▽
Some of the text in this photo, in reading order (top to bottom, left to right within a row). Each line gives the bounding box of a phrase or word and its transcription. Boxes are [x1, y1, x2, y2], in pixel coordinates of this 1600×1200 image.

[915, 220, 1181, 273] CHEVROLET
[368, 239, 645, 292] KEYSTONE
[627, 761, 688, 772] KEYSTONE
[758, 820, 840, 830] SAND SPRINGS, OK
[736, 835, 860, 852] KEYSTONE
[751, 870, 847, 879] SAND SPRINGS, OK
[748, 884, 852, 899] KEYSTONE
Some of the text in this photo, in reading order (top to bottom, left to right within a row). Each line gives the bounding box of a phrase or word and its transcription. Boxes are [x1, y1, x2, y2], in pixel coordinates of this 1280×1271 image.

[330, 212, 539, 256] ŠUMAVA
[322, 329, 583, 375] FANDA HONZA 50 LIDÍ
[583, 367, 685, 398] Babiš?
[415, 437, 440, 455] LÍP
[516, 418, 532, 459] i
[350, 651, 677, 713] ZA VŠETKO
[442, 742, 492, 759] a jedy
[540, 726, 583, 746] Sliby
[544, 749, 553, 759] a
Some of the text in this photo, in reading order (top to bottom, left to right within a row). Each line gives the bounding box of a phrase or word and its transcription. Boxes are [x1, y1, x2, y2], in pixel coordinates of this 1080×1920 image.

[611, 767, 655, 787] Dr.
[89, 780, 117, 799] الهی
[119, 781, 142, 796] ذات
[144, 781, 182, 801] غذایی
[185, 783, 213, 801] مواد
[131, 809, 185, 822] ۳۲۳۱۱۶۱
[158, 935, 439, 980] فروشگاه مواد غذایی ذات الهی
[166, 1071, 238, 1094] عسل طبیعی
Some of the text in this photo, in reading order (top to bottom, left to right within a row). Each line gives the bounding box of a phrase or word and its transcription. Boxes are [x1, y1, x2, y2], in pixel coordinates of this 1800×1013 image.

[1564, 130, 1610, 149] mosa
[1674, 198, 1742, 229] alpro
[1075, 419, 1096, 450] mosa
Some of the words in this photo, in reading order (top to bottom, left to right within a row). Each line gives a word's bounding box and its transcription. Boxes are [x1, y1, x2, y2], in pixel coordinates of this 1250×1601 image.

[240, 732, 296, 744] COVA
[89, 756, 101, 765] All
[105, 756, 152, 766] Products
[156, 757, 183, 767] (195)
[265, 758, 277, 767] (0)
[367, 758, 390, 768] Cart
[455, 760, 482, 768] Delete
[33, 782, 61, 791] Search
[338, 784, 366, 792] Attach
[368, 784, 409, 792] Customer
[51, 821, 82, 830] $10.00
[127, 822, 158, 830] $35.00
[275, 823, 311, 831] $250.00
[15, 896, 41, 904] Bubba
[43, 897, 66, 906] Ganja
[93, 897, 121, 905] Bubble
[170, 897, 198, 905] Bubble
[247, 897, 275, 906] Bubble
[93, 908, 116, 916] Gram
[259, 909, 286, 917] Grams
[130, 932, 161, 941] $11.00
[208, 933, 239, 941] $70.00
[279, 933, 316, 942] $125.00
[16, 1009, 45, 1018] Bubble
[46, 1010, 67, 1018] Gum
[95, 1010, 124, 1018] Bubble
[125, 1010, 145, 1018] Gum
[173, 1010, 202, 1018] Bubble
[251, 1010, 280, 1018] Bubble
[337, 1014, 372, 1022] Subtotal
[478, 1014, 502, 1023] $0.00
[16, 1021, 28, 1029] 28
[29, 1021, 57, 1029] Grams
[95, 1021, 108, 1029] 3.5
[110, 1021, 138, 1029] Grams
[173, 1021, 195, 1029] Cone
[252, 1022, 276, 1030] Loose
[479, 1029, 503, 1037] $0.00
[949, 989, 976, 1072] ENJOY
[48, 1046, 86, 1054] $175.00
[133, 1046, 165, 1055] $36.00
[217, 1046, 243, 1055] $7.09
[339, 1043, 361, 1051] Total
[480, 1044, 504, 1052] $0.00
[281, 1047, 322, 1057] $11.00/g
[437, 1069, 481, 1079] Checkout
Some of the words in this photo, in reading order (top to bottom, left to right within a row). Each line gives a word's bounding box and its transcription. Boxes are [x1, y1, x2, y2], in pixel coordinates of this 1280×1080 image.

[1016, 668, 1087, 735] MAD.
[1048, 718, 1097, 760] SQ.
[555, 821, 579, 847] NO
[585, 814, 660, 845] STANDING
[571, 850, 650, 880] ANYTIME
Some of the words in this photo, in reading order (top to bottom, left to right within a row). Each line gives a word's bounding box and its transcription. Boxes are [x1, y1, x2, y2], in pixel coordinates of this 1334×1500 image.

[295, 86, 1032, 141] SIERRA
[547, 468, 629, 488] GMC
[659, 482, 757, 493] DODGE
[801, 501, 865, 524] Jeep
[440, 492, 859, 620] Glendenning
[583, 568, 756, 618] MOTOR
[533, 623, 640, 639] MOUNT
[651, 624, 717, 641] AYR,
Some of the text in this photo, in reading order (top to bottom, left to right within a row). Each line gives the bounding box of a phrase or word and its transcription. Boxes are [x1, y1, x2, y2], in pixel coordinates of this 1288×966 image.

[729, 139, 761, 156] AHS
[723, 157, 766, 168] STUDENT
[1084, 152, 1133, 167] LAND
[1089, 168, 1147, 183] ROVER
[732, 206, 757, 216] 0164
△
Prompt
Could you copy every record above exactly as it stands?

Result for this task
Some of the text in this photo, in reading order (top to bottom, left to right within a row). Each line gives the bounding box of a phrase or word and its transcription. Boxes are [x1, y1, x2, y2], in pixel coordinates of this 1600×1200 image.

[915, 220, 1181, 273] CHEVROLET
[368, 239, 645, 292] KEYSTONE
[627, 761, 688, 772] KEYSTONE
[758, 820, 840, 830] SAND SPRINGS, OK
[736, 835, 860, 852] KEYSTONE
[751, 870, 847, 879] SAND SPRINGS, OK
[748, 884, 852, 899] KEYSTONE
Some of the text in this photo, in reading order (top to bottom, left to right within a row). Each line gives the bounding box of a phrase or word and its transcription. Boxes are [x1, y1, x2, y2], in pixel coordinates of this 1280×1271 image.

[330, 212, 539, 256] ŠUMAVA
[322, 329, 583, 375] FANDA HONZA 50 LIDÍ
[583, 367, 685, 398] Babiš?
[415, 437, 440, 455] LÍP
[516, 418, 532, 459] i
[350, 651, 677, 713] ZA VŠETKO
[442, 742, 492, 759] a jedy
[540, 726, 583, 746] Sliby
[544, 749, 553, 759] a
Some of the text in this photo, in reading order (top to bottom, left to right within a row). Each line gives the bounding box of a phrase or word and its transcription. Boxes are [x1, y1, x2, y2], in pixel coordinates of this 1080×1920 image.

[611, 767, 655, 787] Dr.
[89, 780, 117, 799] الهی
[119, 781, 142, 796] ذات
[144, 781, 182, 801] غذایی
[185, 783, 213, 801] مواد
[131, 809, 185, 822] ۳۲۳۱۱۶۱
[158, 935, 439, 980] فروشگاه مواد غذایی ذات الهی
[166, 1071, 238, 1094] عسل طبیعی
Some of the text in this photo, in reading order (top to bottom, left to right within a row). Each line gives the bounding box of a phrase or word and its transcription. Boxes are [x1, y1, x2, y2], in pixel coordinates of this 1800×1013 image.

[1564, 130, 1610, 149] mosa
[1674, 198, 1742, 229] alpro
[1075, 419, 1096, 450] mosa
Some of the words in this photo, in reading order (top to bottom, left to right within a row). Each line gives a word's bounding box and its transcription. Boxes are [x1, y1, x2, y2], in pixel coordinates of this 1250×1601 image.

[240, 732, 296, 744] COVA
[89, 756, 101, 765] All
[105, 756, 152, 766] Products
[156, 757, 183, 767] (195)
[265, 758, 277, 767] (0)
[367, 758, 390, 768] Cart
[455, 760, 482, 768] Delete
[33, 782, 61, 791] Search
[338, 784, 366, 792] Attach
[368, 784, 409, 792] Customer
[51, 821, 82, 830] $10.00
[127, 822, 158, 830] $35.00
[275, 823, 311, 831] $250.00
[15, 896, 41, 904] Bubba
[43, 897, 66, 906] Ganja
[93, 897, 121, 905] Bubble
[170, 897, 198, 905] Bubble
[247, 897, 275, 906] Bubble
[93, 908, 116, 916] Gram
[259, 909, 286, 917] Grams
[130, 932, 161, 941] $11.00
[208, 933, 239, 941] $70.00
[279, 933, 316, 942] $125.00
[16, 1009, 45, 1018] Bubble
[46, 1010, 67, 1018] Gum
[95, 1010, 124, 1018] Bubble
[125, 1010, 145, 1018] Gum
[173, 1010, 202, 1018] Bubble
[251, 1010, 280, 1018] Bubble
[337, 1014, 372, 1022] Subtotal
[478, 1014, 502, 1023] $0.00
[16, 1021, 28, 1029] 28
[29, 1021, 57, 1029] Grams
[95, 1021, 108, 1029] 3.5
[110, 1021, 138, 1029] Grams
[173, 1021, 195, 1029] Cone
[252, 1022, 276, 1030] Loose
[479, 1029, 503, 1037] $0.00
[949, 989, 976, 1072] ENJOY
[48, 1046, 86, 1054] $175.00
[133, 1046, 165, 1055] $36.00
[217, 1046, 243, 1055] $7.09
[339, 1043, 361, 1051] Total
[480, 1044, 504, 1052] $0.00
[281, 1047, 322, 1057] $11.00/g
[437, 1069, 481, 1079] Checkout
Some of the words in this photo, in reading order (top to bottom, left to right within a row). Each line gives a word's bounding box and its transcription. Boxes are [x1, y1, x2, y2], in pixel coordinates of this 1280×1080 image.

[1016, 668, 1087, 735] MAD.
[1048, 718, 1097, 760] SQ.
[555, 821, 579, 847] NO
[585, 814, 660, 845] STANDING
[571, 850, 650, 880] ANYTIME
Some of the words in this photo, in reading order (top to bottom, left to right within a row). Each line gives a word's bounding box and its transcription. Boxes are [x1, y1, x2, y2], in pixel coordinates of this 1334×1500 image.

[295, 86, 1032, 141] SIERRA
[547, 468, 629, 488] GMC
[659, 482, 757, 493] DODGE
[801, 501, 865, 524] Jeep
[440, 492, 859, 620] Glendenning
[583, 568, 756, 618] MOTOR
[533, 623, 640, 639] MOUNT
[651, 624, 717, 641] AYR,
Some of the text in this photo, in reading order (top to bottom, left to right within a row). Each line gives the bounding box of a phrase or word and its transcription. Boxes are [x1, y1, x2, y2], in pixel coordinates of this 1288×966 image.

[729, 139, 761, 156] AHS
[723, 157, 766, 168] STUDENT
[1084, 152, 1133, 167] LAND
[1089, 168, 1147, 183] ROVER
[732, 206, 757, 216] 0164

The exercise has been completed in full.